Abstract
Whole genome sequencing (WGS) studies in large biobanks provide an unprecedented opportunity to study the rare-variant (RV) effects on the natural history of human diseases by analyzing censored time-to-event (TTE) phenotypes, such as age at disease diagnosis, disease progression, and lifespan. Unlike existing methods developed for continuous and categorical phenotypes, rare-variant association tests (RVATs) for TTE phenotypes in large biobanks face several major challenges, including heavy censoring, cryptic relatedness, and population structure. We introduce GATE-STAAR (Genetic Analysis of Time-to-Event phenotypes via the variant-Set Test for Association using Annotation infoRmation), a powerful and computationally efficient frailty model framework for RVATs of TTE phenotypes in large biobanks. GATE-STAAR accounts for high censoring rates, cryptic relatedness, and population structure in large biobanks, while incorporating multifaceted variant functional annotations to improve power and result interpretability. We propose a rare-variant saddlepoint approximation method to effectively address heavy censoring in WGS TTE analysis. We demonstrate through extensive simulations that GATE-STAAR is powerful while maintaining proper control of type I error rates.
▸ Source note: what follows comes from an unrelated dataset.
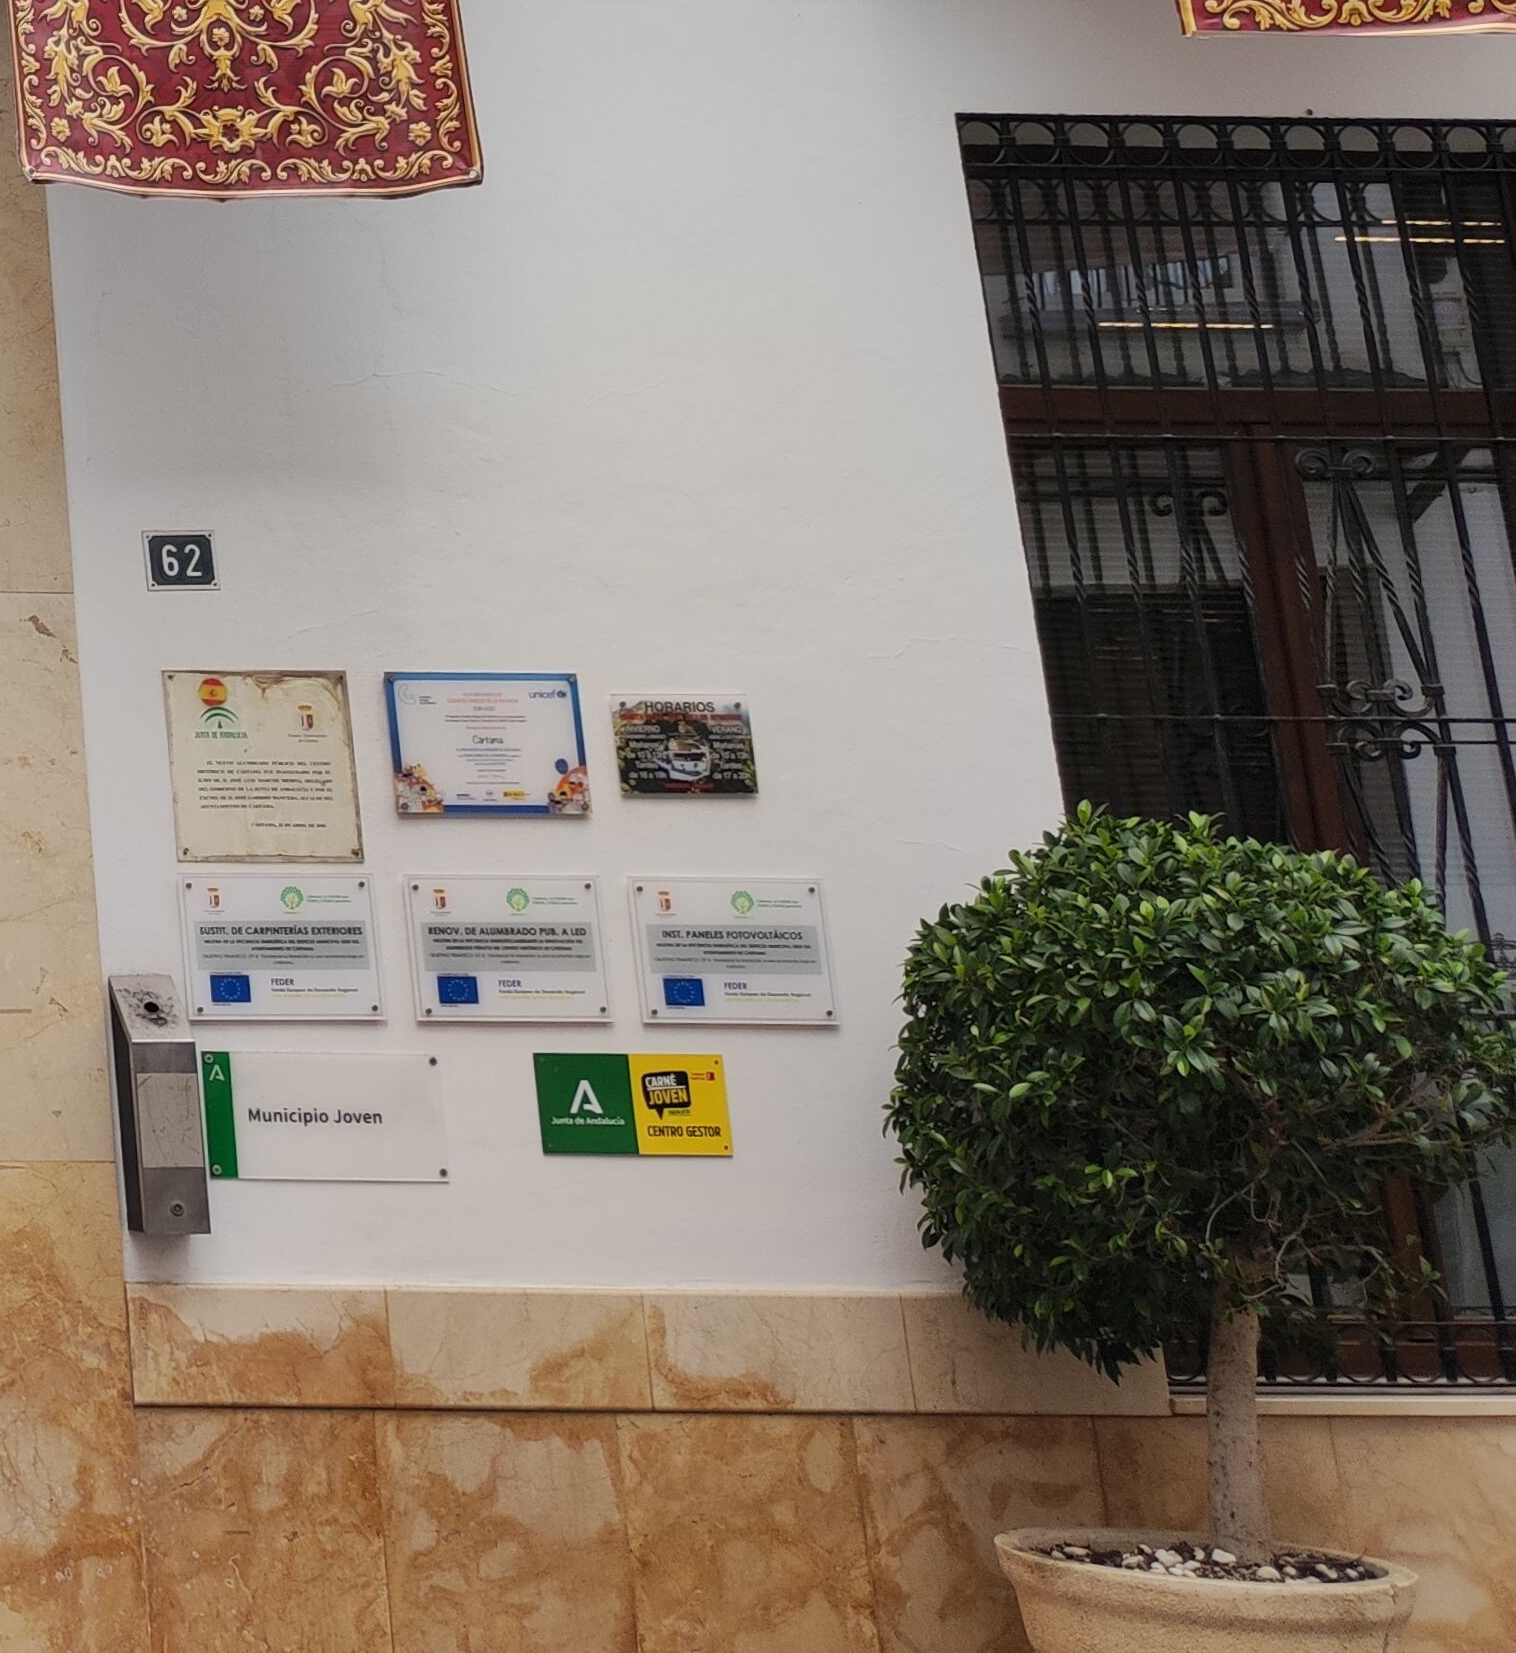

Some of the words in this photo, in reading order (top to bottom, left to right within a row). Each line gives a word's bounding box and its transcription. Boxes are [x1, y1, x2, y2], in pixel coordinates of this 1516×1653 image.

We apply GATE-STAAR to analyze the WGS data of approximately 400,000 UK Biobank participants of white British ancestry across a variety of TTE phenotypes, and validate the findings using participants of European ancestry from the All of Us Research Program. These analyses uncover RV associations with age at diagnosis of a range of diseases.
Type
Publication
Proceedings of the National Academy of Sciences (PNAS)
Significance
Rare variants (RV) identified through whole genome sequencing hold great promise for elucidating the genetic basis of disease onset, but existing methods for RV association testing are not well suited for time-to-event phenotypes. Here, we develop GATE-STAAR, a scalable and accurate framework integrating frailty modeling with functional annotations. We propose a rare-variant saddlepoint approximation to handle heavy censoring. Through comprehensive simulations and large-scale analysis of approximately 400 K UK Biobank participants, with replication in approximately 230 K All of Us participants, GATE-STAAR uncovers biologically meaningful RV associations while ensuring rigorous control of type I error. This framework is powerful to dissect the genetic architecture of disease onset and progression and advance precision medicine.